Boccaccio Bologna Books




It has been the longest time since I last updated, and I’ve been the busiest little bee. The most important thing to have happened is that I’ve moved to York to take up a lectureship at the University. This has meant moving house, settling in to a new city, and settling in to a new department. It has been a very good move, though of course I miss Pembroke very much and my friends there. York is a beautiful medieval city with an imposing cathedral, the largest Gothic cathedral in northern Europe, called the Minster. It’s a gem, with extraordinary stained glass. So, the city is a great place to be a medievalist.

Another thing that has kept me busy was preparing for a conference in Bologna last week and that was enormous fun. It was held in the Sala dello Stabat Mater in the Archiginnasio. The programme was very full but enjoyable and it was wonderful to see friends, colleagues and maestri, old and new. The third day was held in Ravenna, which was where I gave my paper.
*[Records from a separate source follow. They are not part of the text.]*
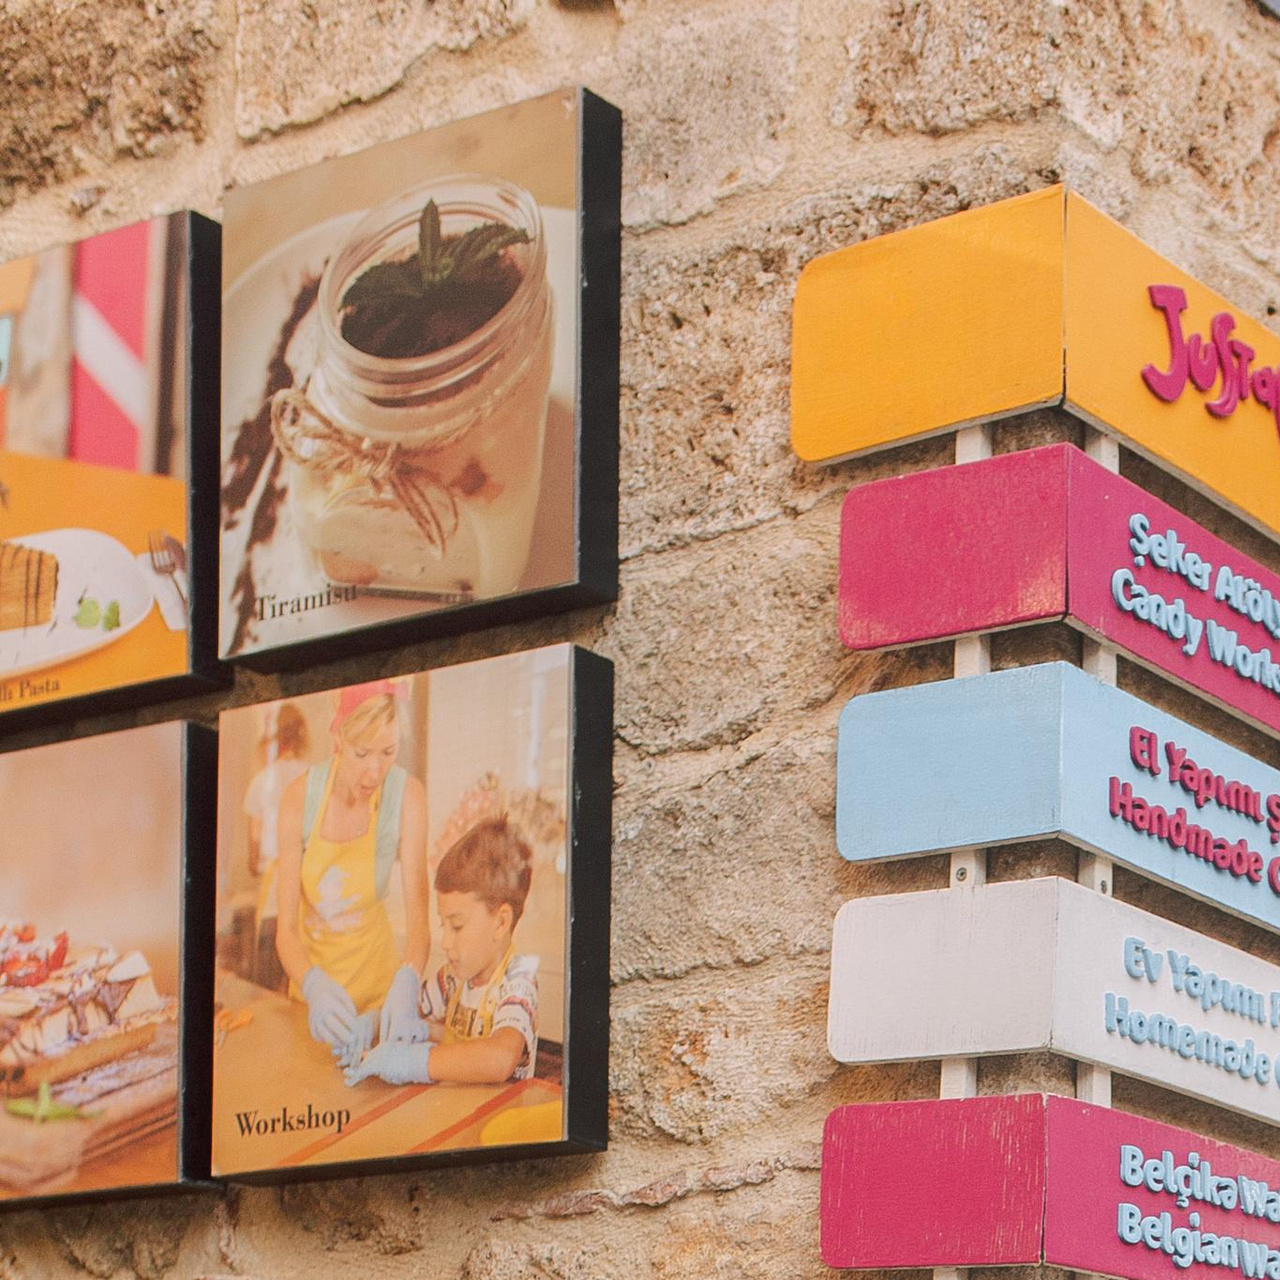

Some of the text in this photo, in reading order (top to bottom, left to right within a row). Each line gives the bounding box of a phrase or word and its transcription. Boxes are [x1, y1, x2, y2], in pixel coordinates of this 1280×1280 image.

[1128, 512, 1212, 591] Şeker
[1111, 568, 1203, 656] Candy
[19, 678, 60, 698] Pasta
[1129, 726, 1161, 776] El
[1165, 741, 1265, 823] Yapımı
[1109, 776, 1264, 883] Handmade
[1124, 936, 1163, 983] Ev
[1166, 949, 1267, 1025] Yapımı
[1104, 991, 1271, 1085] Homemade
[235, 1103, 351, 1138] Workshop
[1120, 1144, 1238, 1209] Belçika
[1117, 1202, 1239, 1268] Belgian
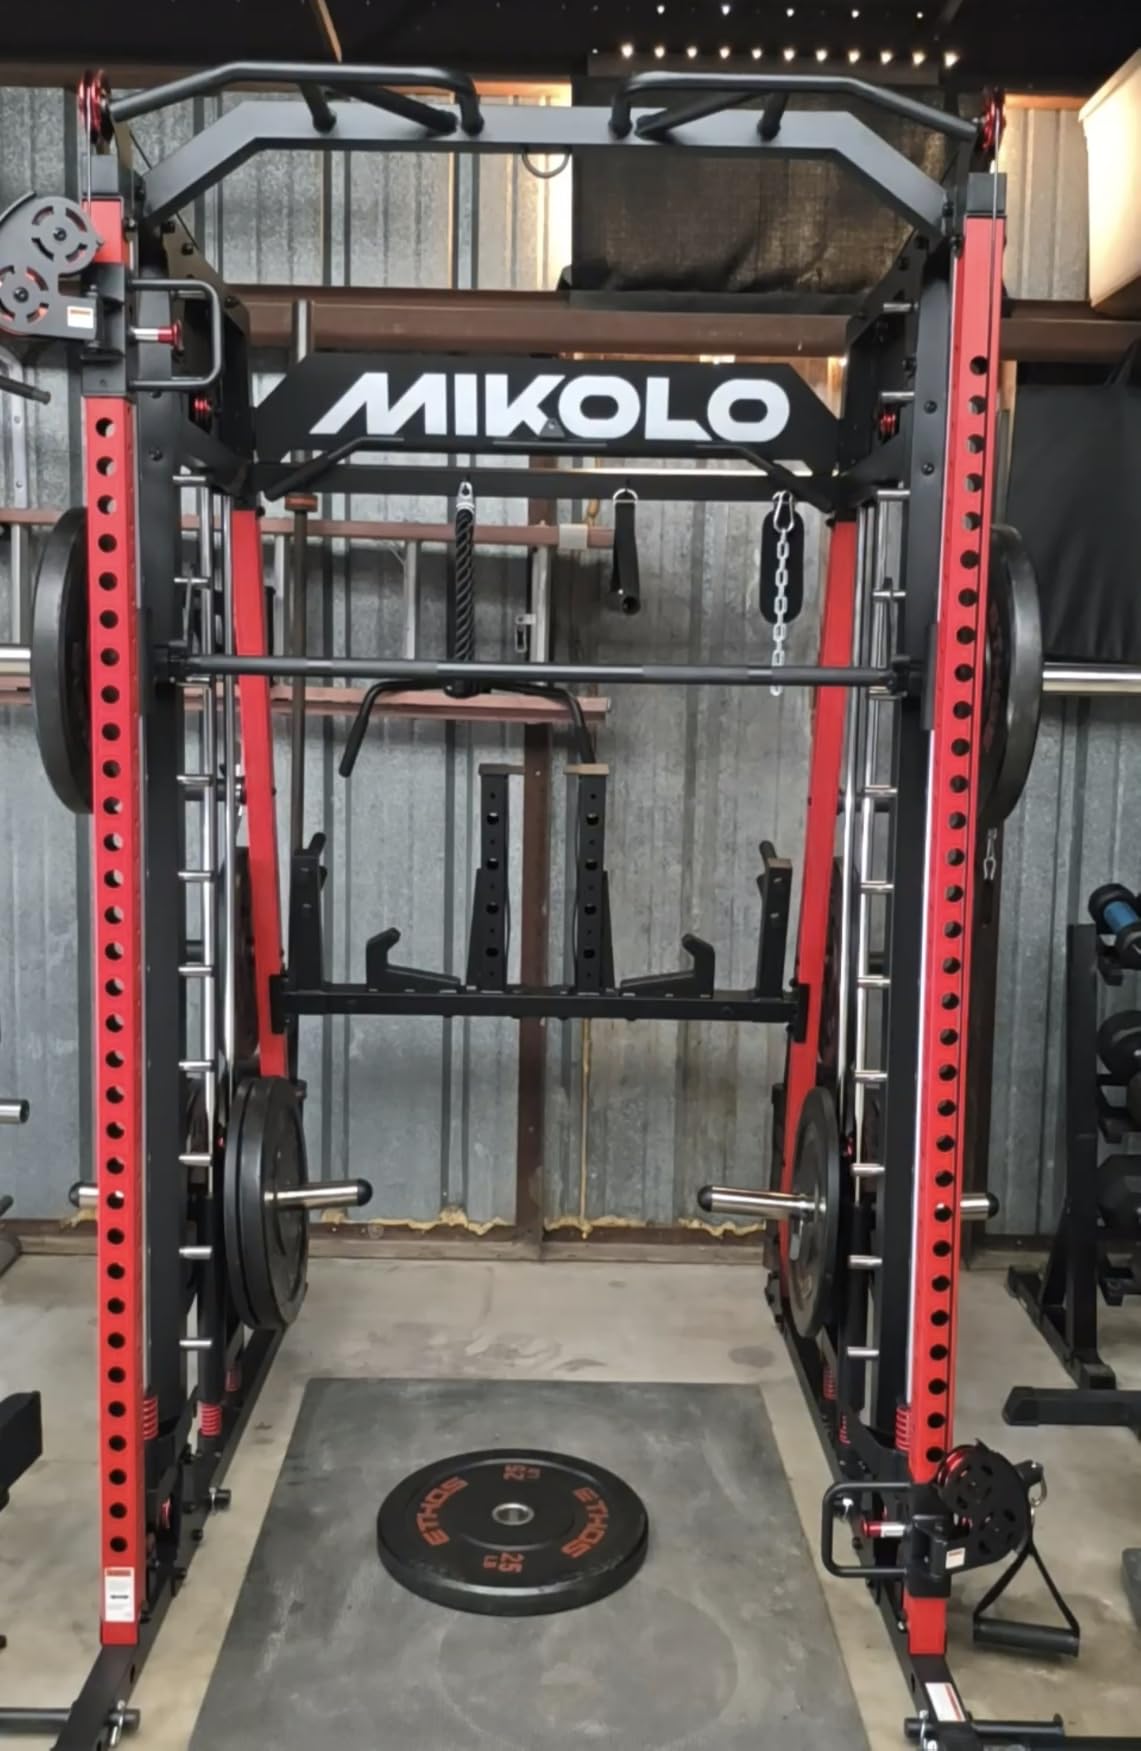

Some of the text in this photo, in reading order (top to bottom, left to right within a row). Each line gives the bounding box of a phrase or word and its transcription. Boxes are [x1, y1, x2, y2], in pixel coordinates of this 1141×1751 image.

[309, 372, 790, 442] MIKOLO
[416, 1476, 469, 1546] ETHOS
[561, 1487, 608, 1557] ETHOS
[499, 1552, 524, 1573] 25
During the lunch break we went around the corner to see the Arian Baptistry, with its rather wonderful mid-sixth century mosaic depicting the baptism of Christ. It is such an extraordinary thing to have these treasures on your doorstep, to be able to take ten paces from the office door and to be standing under this! During the conference, there was a delightful bookstall, where those giving papers could take what they wanted, for free. I began to silently hyperventilate when I realized this was the case, then proceeded to jump upon the table with my arms outstretched explaining how I needed them all. I know what you’re wondering now: what books did you get then? Well, Carlo Delcorno’s edition of Domenico Cavalca’s Vite dei santi padri for SISMEL was clearly the prize win, and I’m just delighted to have it. I also picked up a copy of Bodo Guthmüller, Mito e metamorfosi nella letteratura italiana, Fiorenzo Forti, Magnanimitade: studi su un tema dantesco. While in town, I took the opportunity for a little whizz around some of my old familiar bookshops, and found a copy of Azzurra B. Givens, La dottrina d’amore nel Boccaccio, and K. Esser, ed., Opuscula Sancti Patris Francisci Assisiensis. So delighted with those.
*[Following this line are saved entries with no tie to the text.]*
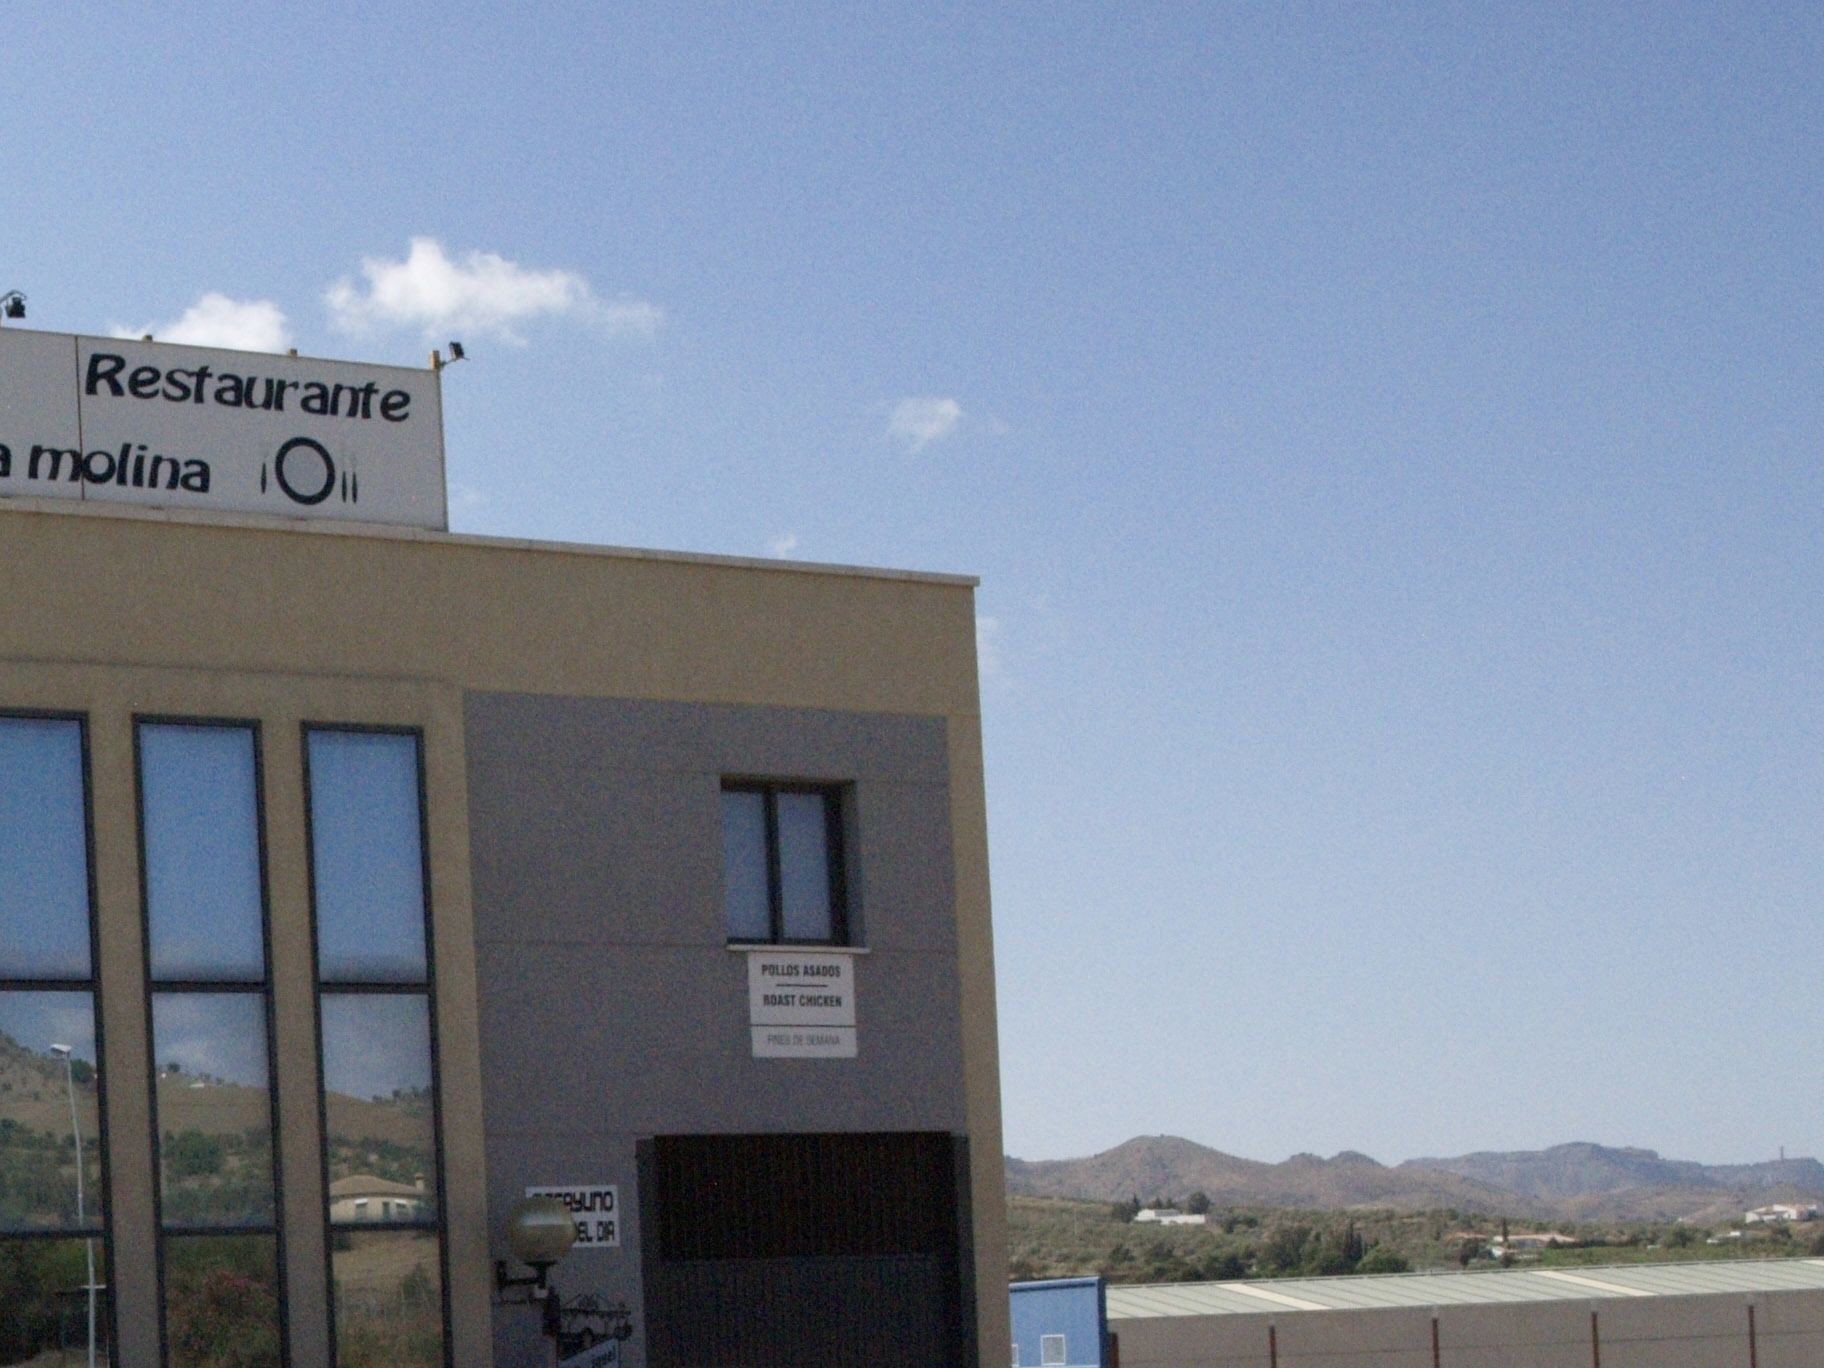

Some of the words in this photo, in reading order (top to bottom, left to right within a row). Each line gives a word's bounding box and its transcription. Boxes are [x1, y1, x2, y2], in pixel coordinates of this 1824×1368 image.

[85, 353, 411, 422] Restaurante
[28, 441, 211, 494] molina
[761, 963, 800, 977] POLLOS
[803, 964, 841, 978] ASADOS
[763, 994, 796, 1007] ROAST
[799, 994, 842, 1008] CHICKEN
[533, 1191, 614, 1213] AYUNO
[597, 1220, 615, 1242] DIA
Some little while ago I blogged a photo  of the great Raimondi in his study and mentioned that his latest book, Le voci dei libri had just appeared with Il Mulino. While at the conference, I happened upon the the fact that in the bookshop Zanichelli, more or less downstairs from the Archiginnasio, they were giving away copies of Raimondi’s book. It was thus that I felt a moral obligation to read it, and did so on the journey home. It is a beautiful meditation on the books in his life, how they came into his life, who brought them. I found so moving his account of reading Being and Time in the ruins of a Bologna terribly scarred by the war, and his time at Johns Hopkins and encountering the work of Bakhtin (with a telling tiny comment on this first encounter being in the English translation of his Rabelais book, much enriched when some time later he came to read it in the far superior Italian translation [L’opera di Rabelais e la cultura popolare, Einaudi, 1979, something that is very obvious to anyone comparing both translations).

On the way home I also read the ‘Domenica’ section of Il Sole 24 Ore where Claudio Giunta talks about the teaching of Dante in schools, the new challenges for the teaching of medieval literature, how their engagement with new media, social networking, etc, affects the way that these texts are now read. I wonder what the next Raimondi will look like, and what story his or her version of Le voci dei libri will tell.